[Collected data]
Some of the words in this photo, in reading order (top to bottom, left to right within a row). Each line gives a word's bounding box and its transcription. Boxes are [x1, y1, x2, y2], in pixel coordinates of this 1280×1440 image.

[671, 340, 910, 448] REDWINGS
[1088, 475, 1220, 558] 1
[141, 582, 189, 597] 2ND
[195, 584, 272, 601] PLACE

• **Instructions to follow**: Would you restate every record word for word?

• **Answer space**:
Some of the words in this photo, in reading order (top to bottom, left to right within a row). Each line gives a word's bounding box and its transcription. Boxes are [x1, y1, x2, y2], in pixel coordinates of this 1280×1440 image.

[671, 340, 910, 448] REDWINGS
[1088, 475, 1220, 558] 1
[141, 582, 189, 597] 2ND
[195, 584, 272, 601] PLACE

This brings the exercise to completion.